Dataset items

────────

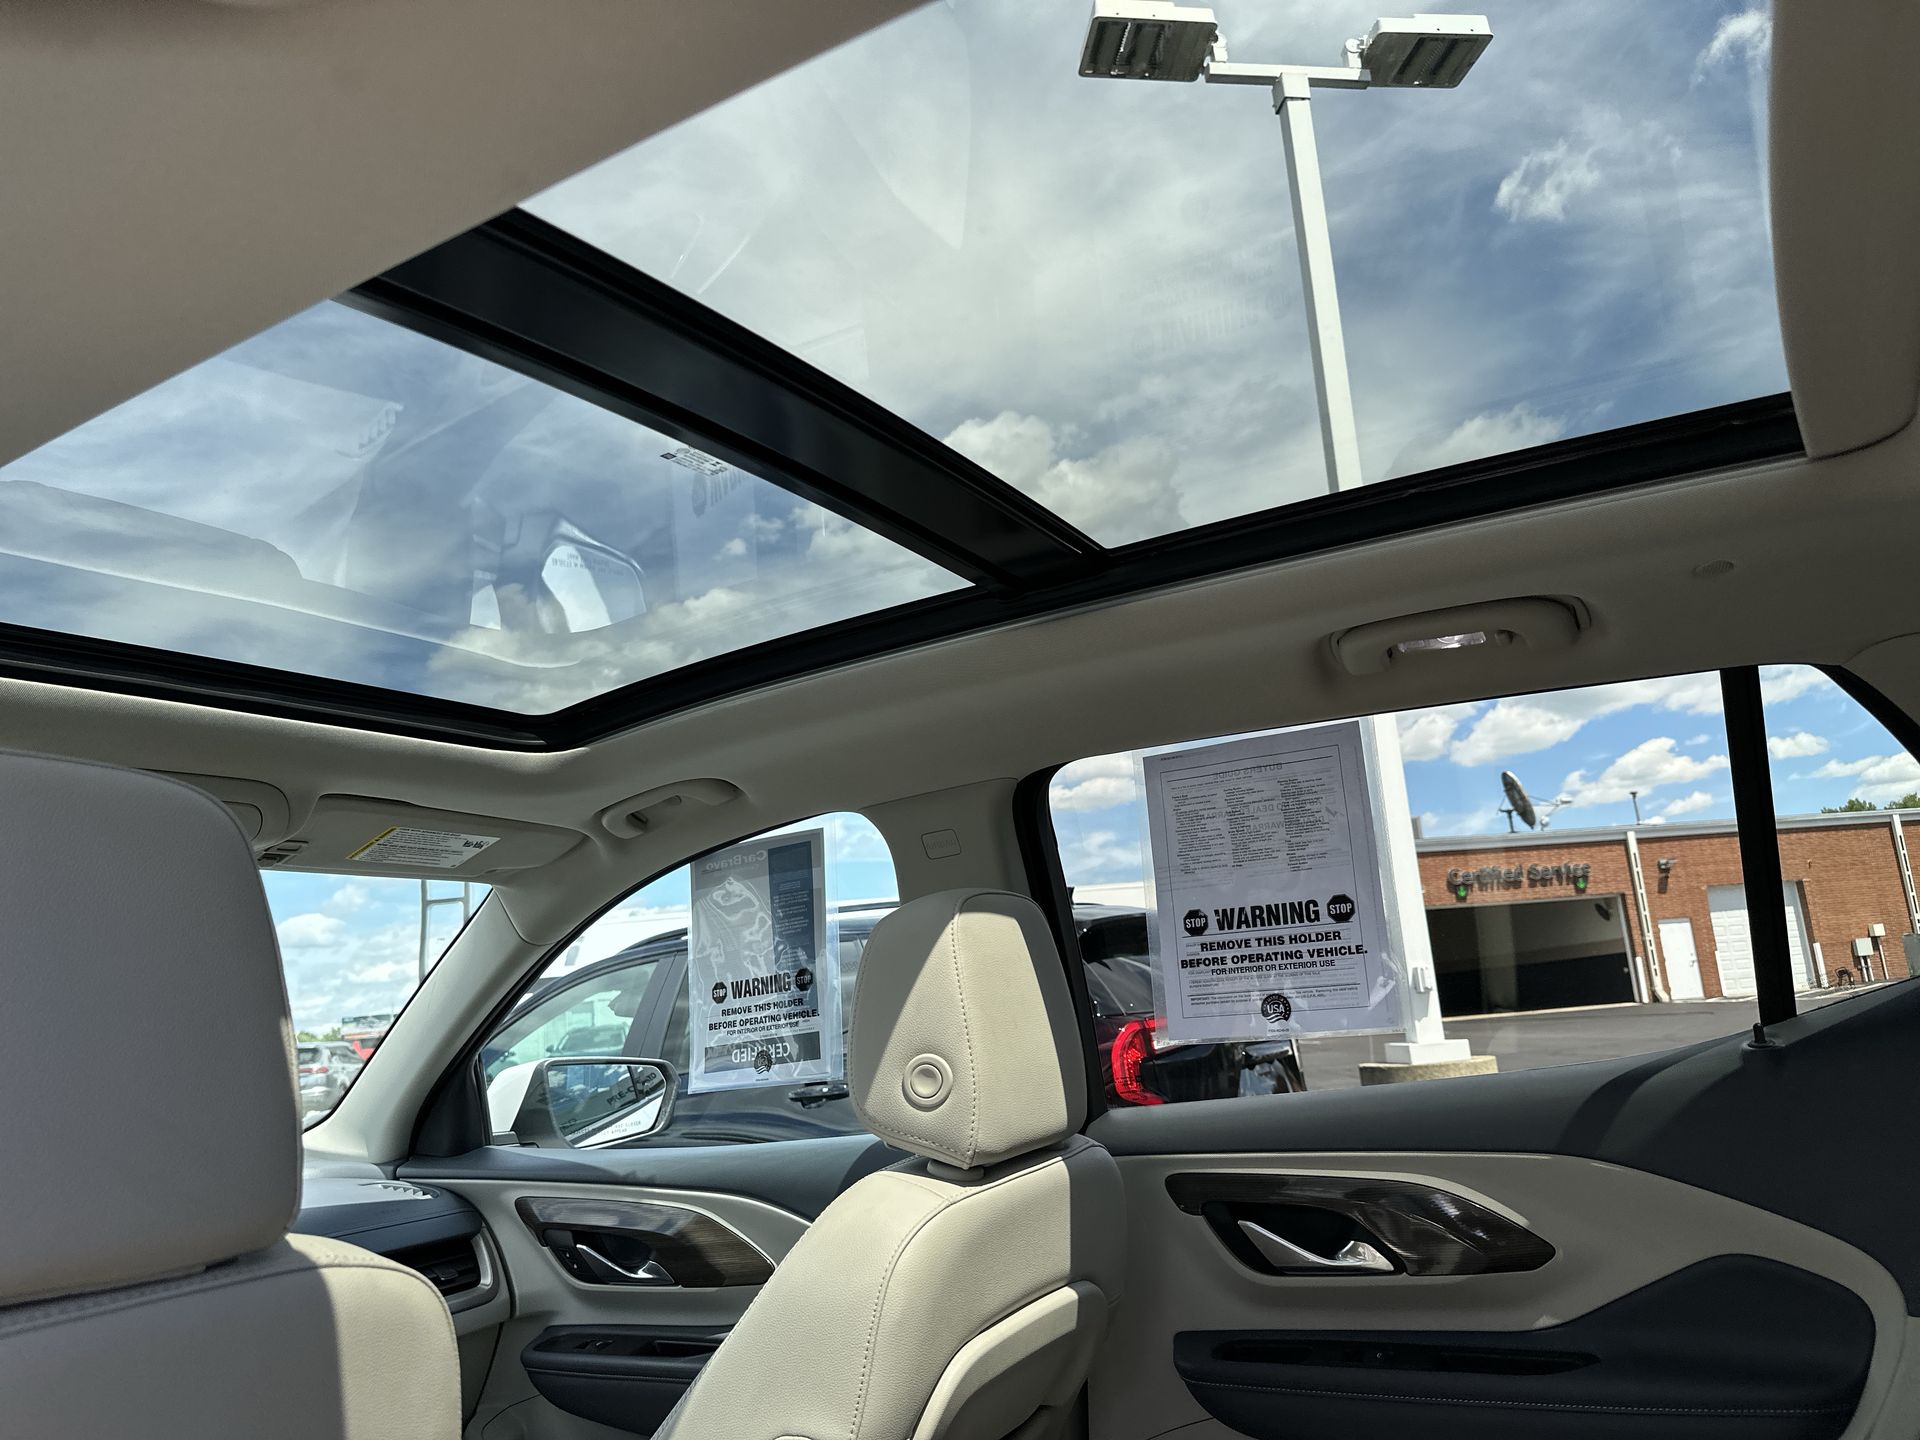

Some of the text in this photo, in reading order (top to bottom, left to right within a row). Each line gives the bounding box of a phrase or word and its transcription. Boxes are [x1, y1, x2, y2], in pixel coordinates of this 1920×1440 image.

[1448, 862, 1591, 886] Certified Service
[1214, 899, 1320, 931] WARNING
[1329, 902, 1352, 915] STOP
[1185, 917, 1206, 929] STOP
[1200, 938, 1251, 952] REMOVE
[1255, 935, 1285, 948] THIS
[1289, 931, 1342, 945] HOLDER
[1180, 944, 1368, 969] BEFORE OPERATING VEHICLE.
[1211, 968, 1227, 976] FOR
[1228, 964, 1264, 975] INTERIOR
[1265, 963, 1277, 972] OR
[1278, 961, 1318, 971] EXTERIOR
[1319, 959, 1336, 968] USE
[730, 972, 791, 999] WARNING
[796, 976, 811, 985] STOP
[713, 988, 726, 998] STOP
[721, 998, 804, 1017] REMOVE THIS HOLDER
[1267, 1004, 1285, 1014] USA
[709, 1009, 820, 1031] BEFORE OPERATING VEHICLE.
[737, 1026, 758, 1035] INTERIOR

────────

TASK DETAILS:
Pictures are to be omitted; set down the rest of the entries exactly as given.

ANSWER FOR THE TASK:
Some of the text in this photo, in reading order (top to bottom, left to right within a row). Each line gives the bounding box of a phrase or word and its transcription. Boxes are [x1, y1, x2, y2], in pixel coordinates of this 1920×1440 image.

[1448, 862, 1591, 886] Certified Service
[1214, 899, 1320, 931] WARNING
[1329, 902, 1352, 915] STOP
[1185, 917, 1206, 929] STOP
[1200, 938, 1251, 952] REMOVE
[1255, 935, 1285, 948] THIS
[1289, 931, 1342, 945] HOLDER
[1180, 944, 1368, 969] BEFORE OPERATING VEHICLE.
[1211, 968, 1227, 976] FOR
[1228, 964, 1264, 975] INTERIOR
[1265, 963, 1277, 972] OR
[1278, 961, 1318, 971] EXTERIOR
[1319, 959, 1336, 968] USE
[730, 972, 791, 999] WARNING
[796, 976, 811, 985] STOP
[713, 988, 726, 998] STOP
[721, 998, 804, 1017] REMOVE THIS HOLDER
[1267, 1004, 1285, 1014] USA
[709, 1009, 820, 1031] BEFORE OPERATING VEHICLE.
[737, 1026, 758, 1035] INTERIOR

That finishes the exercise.